▶ [Exercise instructions] Repeat all the lines below exactly, but omit the pictures.

--- START ---

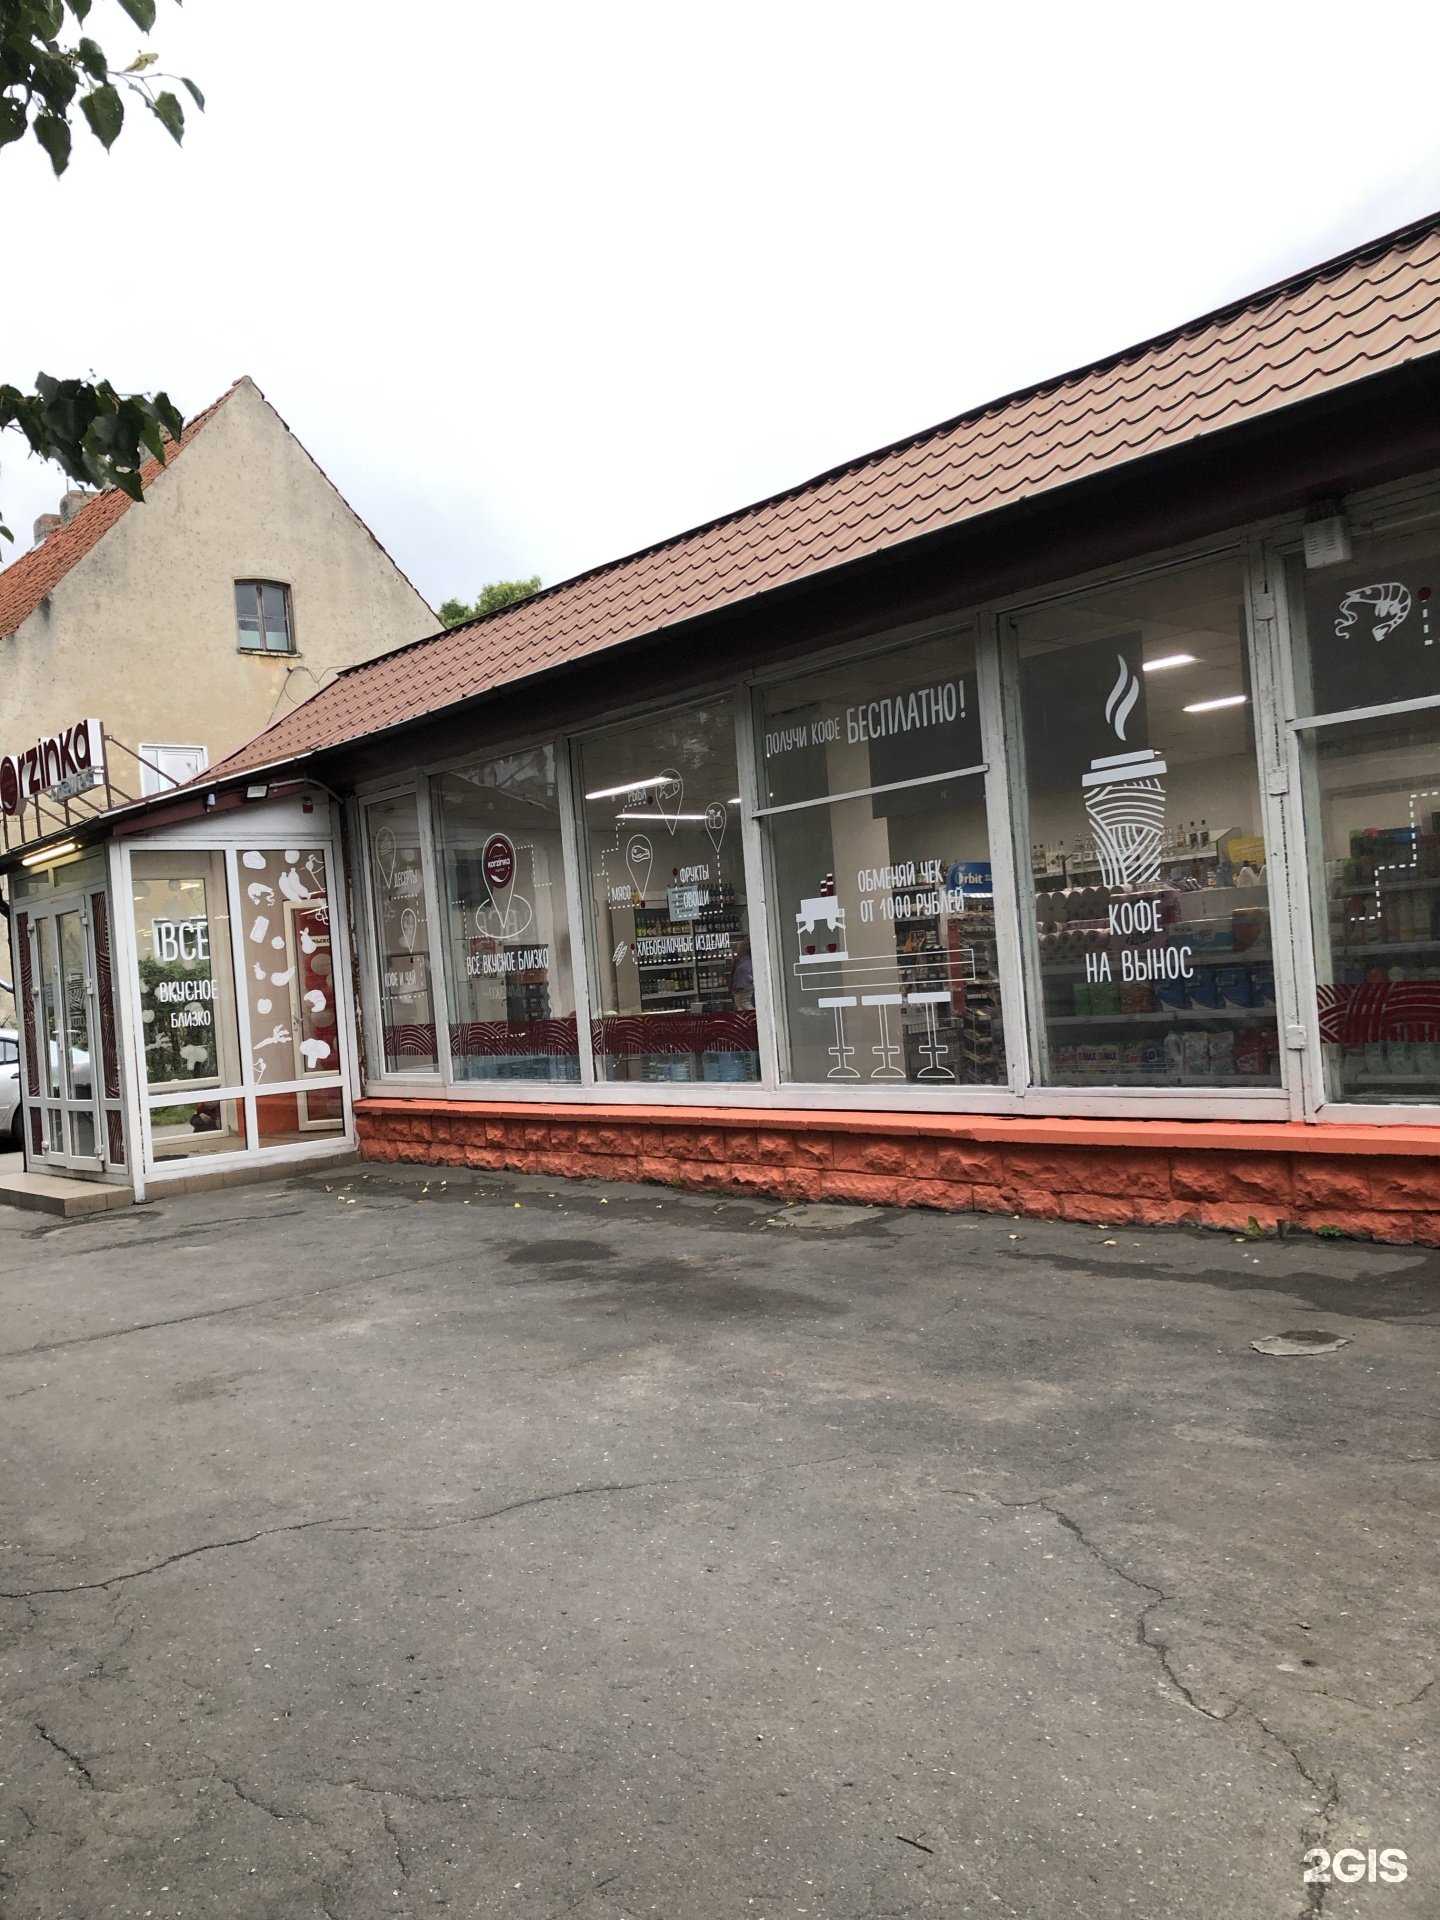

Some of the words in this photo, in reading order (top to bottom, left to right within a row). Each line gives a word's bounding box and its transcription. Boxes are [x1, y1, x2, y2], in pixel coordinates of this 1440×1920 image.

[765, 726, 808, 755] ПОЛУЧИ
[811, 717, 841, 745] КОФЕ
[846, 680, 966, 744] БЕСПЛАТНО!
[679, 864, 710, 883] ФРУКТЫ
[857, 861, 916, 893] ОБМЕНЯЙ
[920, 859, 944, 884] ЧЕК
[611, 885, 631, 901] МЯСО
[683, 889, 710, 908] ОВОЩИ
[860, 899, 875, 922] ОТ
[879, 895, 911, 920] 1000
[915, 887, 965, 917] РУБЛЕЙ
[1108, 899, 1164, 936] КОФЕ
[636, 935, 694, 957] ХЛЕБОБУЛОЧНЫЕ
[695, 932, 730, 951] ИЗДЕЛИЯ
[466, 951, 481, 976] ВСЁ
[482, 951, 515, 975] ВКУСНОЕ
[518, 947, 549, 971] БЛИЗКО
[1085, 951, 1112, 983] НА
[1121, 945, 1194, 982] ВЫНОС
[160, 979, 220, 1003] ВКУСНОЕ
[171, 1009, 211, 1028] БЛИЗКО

--- END ---

▶ [Task answer]
Some of the words in this photo, in reading order (top to bottom, left to right within a row). Each line gives a word's bounding box and its transcription. Boxes are [x1, y1, x2, y2], in pixel coordinates of this 1440×1920 image.

[765, 726, 808, 755] ПОЛУЧИ
[811, 717, 841, 745] КОФЕ
[846, 680, 966, 744] БЕСПЛАТНО!
[679, 864, 710, 883] ФРУКТЫ
[857, 861, 916, 893] ОБМЕНЯЙ
[920, 859, 944, 884] ЧЕК
[611, 885, 631, 901] МЯСО
[683, 889, 710, 908] ОВОЩИ
[860, 899, 875, 922] ОТ
[879, 895, 911, 920] 1000
[915, 887, 965, 917] РУБЛЕЙ
[1108, 899, 1164, 936] КОФЕ
[636, 935, 694, 957] ХЛЕБОБУЛОЧНЫЕ
[695, 932, 730, 951] ИЗДЕЛИЯ
[466, 951, 481, 976] ВСЁ
[482, 951, 515, 975] ВКУСНОЕ
[518, 947, 549, 971] БЛИЗКО
[1085, 951, 1112, 983] НА
[1121, 945, 1194, 982] ВЫНОС
[160, 979, 220, 1003] ВКУСНОЕ
[171, 1009, 211, 1028] БЛИЗКО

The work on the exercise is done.